There has been a surprising amount of vitriol directed at the Edinburgh Zoo's newest arrivals; two giant pandas on loan from China until 2021, Tian Tian and Yang Guan. This is largely because it is supposedly costing the zoo $1,000,000 per year to host them, which some people see as a waste of money. However, I love pandas, and so I disagree. I have thought about this complex issue in great depth, and present my conclusions below:

5 Reasons Giant Pandas Are a Boost to the Economy

1. Pandas are black and white. Therefore, as monochrome creatures, their arrival will be saving newspapers everywhere a small fortune on printing costs. Everyone knows that coloured ink is more expensive.

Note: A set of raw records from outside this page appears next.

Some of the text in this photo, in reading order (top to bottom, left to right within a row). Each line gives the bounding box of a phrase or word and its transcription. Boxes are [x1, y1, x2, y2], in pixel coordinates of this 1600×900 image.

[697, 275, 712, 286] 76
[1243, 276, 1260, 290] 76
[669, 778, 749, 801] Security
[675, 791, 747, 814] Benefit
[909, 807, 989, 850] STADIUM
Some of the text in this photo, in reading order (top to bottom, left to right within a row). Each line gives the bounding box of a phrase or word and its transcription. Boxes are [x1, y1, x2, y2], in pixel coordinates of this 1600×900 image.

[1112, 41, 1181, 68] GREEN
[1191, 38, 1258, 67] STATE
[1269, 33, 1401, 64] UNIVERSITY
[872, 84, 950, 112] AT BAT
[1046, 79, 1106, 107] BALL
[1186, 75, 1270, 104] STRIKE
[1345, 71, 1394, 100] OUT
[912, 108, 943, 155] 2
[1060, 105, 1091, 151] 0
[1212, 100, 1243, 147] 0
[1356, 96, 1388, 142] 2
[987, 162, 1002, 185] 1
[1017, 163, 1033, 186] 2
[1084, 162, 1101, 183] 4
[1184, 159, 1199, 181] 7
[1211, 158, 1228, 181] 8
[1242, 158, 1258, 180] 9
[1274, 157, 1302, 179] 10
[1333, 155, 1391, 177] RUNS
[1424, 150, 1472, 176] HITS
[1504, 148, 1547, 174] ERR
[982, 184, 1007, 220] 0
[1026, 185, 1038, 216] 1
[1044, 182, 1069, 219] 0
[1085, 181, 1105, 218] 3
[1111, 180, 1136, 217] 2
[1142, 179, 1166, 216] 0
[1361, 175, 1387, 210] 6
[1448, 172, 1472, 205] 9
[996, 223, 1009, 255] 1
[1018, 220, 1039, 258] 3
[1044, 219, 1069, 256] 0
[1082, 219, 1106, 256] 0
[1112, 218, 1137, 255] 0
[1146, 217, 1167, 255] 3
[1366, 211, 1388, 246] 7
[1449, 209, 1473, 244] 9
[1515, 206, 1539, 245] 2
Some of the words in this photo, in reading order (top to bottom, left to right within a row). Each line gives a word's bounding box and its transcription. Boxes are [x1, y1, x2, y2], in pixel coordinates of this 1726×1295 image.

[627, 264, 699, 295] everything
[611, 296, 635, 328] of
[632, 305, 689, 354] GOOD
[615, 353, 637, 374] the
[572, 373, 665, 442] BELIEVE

2. Pandas eat nothing but bamboo. As every gardener knows, bamboo grows like the blazes and is tricky to get rid of. Horticulturalists across the nation can send their unwanted bamboo to Edinburgh Zoo, and the pandas will eat for free every night.

3. Pandas are reluctant breeders, at best. Fewer panda babies means fewer claims for child support.

4. Pandas take shelter in trees or caves, but they do not build permanent homes. This means that the chance of giant pandas precipitating another subprime mortgage crisis is virtually nil.

5. Pandas, unlike many members of our great nation, are actually supposed to be fat and lazy. This means that, unlike humans of similar size and girth, they will not demand costly gastric banding procedures on the NHS.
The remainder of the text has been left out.